Recorded data
*** Block opens ***
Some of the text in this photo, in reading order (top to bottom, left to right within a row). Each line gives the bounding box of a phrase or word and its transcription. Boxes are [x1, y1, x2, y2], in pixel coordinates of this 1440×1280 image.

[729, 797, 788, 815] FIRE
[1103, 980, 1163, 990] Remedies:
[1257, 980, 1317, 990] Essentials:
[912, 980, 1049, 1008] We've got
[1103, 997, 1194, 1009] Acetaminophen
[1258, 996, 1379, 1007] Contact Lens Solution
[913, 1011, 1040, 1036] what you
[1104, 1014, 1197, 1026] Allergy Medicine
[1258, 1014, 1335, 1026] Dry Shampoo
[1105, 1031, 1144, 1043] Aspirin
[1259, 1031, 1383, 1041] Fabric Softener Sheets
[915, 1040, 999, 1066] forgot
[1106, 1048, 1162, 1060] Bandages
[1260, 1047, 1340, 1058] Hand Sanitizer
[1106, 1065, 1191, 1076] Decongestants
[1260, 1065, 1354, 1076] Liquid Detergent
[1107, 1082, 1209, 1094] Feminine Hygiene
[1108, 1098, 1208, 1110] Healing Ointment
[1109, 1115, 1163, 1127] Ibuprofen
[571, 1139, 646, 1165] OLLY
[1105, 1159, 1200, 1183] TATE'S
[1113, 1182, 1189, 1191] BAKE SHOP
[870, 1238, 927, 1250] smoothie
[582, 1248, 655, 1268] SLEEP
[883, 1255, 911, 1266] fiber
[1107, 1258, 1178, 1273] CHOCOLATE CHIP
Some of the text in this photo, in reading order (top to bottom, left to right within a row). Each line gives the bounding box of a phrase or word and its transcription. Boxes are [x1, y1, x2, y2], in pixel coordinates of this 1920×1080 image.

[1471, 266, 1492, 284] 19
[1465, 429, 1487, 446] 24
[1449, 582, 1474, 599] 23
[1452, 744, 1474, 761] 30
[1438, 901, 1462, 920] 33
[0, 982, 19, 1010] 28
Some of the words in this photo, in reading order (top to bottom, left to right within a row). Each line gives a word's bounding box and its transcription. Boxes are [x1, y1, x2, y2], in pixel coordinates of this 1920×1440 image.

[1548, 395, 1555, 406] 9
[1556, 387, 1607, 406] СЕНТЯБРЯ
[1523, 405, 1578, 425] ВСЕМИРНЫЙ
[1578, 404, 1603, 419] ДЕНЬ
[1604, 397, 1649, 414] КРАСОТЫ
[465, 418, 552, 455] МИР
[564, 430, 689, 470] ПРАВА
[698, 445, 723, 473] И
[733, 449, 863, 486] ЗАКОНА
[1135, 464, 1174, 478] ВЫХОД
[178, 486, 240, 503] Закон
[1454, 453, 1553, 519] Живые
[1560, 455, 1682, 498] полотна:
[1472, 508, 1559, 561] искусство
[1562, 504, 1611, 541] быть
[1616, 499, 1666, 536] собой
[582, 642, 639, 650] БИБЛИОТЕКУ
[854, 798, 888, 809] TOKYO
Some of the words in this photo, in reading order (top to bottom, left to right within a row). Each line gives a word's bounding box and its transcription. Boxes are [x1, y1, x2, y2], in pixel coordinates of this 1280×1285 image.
*** Block closes ***
Exercise instructions:
Every entry needs to be copied exactly as it was written.

Completed task:
Some of the text in this photo, in reading order (top to bottom, left to right within a row). Each line gives the bounding box of a phrase or word and its transcription. Boxes are [x1, y1, x2, y2], in pixel coordinates of this 1440×1280 image.

[729, 797, 788, 815] FIRE
[1103, 980, 1163, 990] Remedies:
[1257, 980, 1317, 990] Essentials:
[912, 980, 1049, 1008] We've got
[1103, 997, 1194, 1009] Acetaminophen
[1258, 996, 1379, 1007] Contact Lens Solution
[913, 1011, 1040, 1036] what you
[1104, 1014, 1197, 1026] Allergy Medicine
[1258, 1014, 1335, 1026] Dry Shampoo
[1105, 1031, 1144, 1043] Aspirin
[1259, 1031, 1383, 1041] Fabric Softener Sheets
[915, 1040, 999, 1066] forgot
[1106, 1048, 1162, 1060] Bandages
[1260, 1047, 1340, 1058] Hand Sanitizer
[1106, 1065, 1191, 1076] Decongestants
[1260, 1065, 1354, 1076] Liquid Detergent
[1107, 1082, 1209, 1094] Feminine Hygiene
[1108, 1098, 1208, 1110] Healing Ointment
[1109, 1115, 1163, 1127] Ibuprofen
[571, 1139, 646, 1165] OLLY
[1105, 1159, 1200, 1183] TATE'S
[1113, 1182, 1189, 1191] BAKE SHOP
[870, 1238, 927, 1250] smoothie
[582, 1248, 655, 1268] SLEEP
[883, 1255, 911, 1266] fiber
[1107, 1258, 1178, 1273] CHOCOLATE CHIP
Some of the text in this photo, in reading order (top to bottom, left to right within a row). Each line gives the bounding box of a phrase or word and its transcription. Boxes are [x1, y1, x2, y2], in pixel coordinates of this 1920×1080 image.

[1471, 266, 1492, 284] 19
[1465, 429, 1487, 446] 24
[1449, 582, 1474, 599] 23
[1452, 744, 1474, 761] 30
[1438, 901, 1462, 920] 33
[0, 982, 19, 1010] 28
Some of the words in this photo, in reading order (top to bottom, left to right within a row). Each line gives a word's bounding box and its transcription. Boxes are [x1, y1, x2, y2], in pixel coordinates of this 1920×1440 image.

[1548, 395, 1555, 406] 9
[1556, 387, 1607, 406] СЕНТЯБРЯ
[1523, 405, 1578, 425] ВСЕМИРНЫЙ
[1578, 404, 1603, 419] ДЕНЬ
[1604, 397, 1649, 414] КРАСОТЫ
[465, 418, 552, 455] МИР
[564, 430, 689, 470] ПРАВА
[698, 445, 723, 473] И
[733, 449, 863, 486] ЗАКОНА
[1135, 464, 1174, 478] ВЫХОД
[178, 486, 240, 503] Закон
[1454, 453, 1553, 519] Живые
[1560, 455, 1682, 498] полотна:
[1472, 508, 1559, 561] искусство
[1562, 504, 1611, 541] быть
[1616, 499, 1666, 536] собой
[582, 642, 639, 650] БИБЛИОТЕКУ
[854, 798, 888, 809] TOKYO
Some of the words in this photo, in reading order (top to bottom, left to right within a row). Each line gives a word's bounding box and its transcription. Boxes are [x1, y1, x2, y2], in pixel coordinates of this 1280×1285 image.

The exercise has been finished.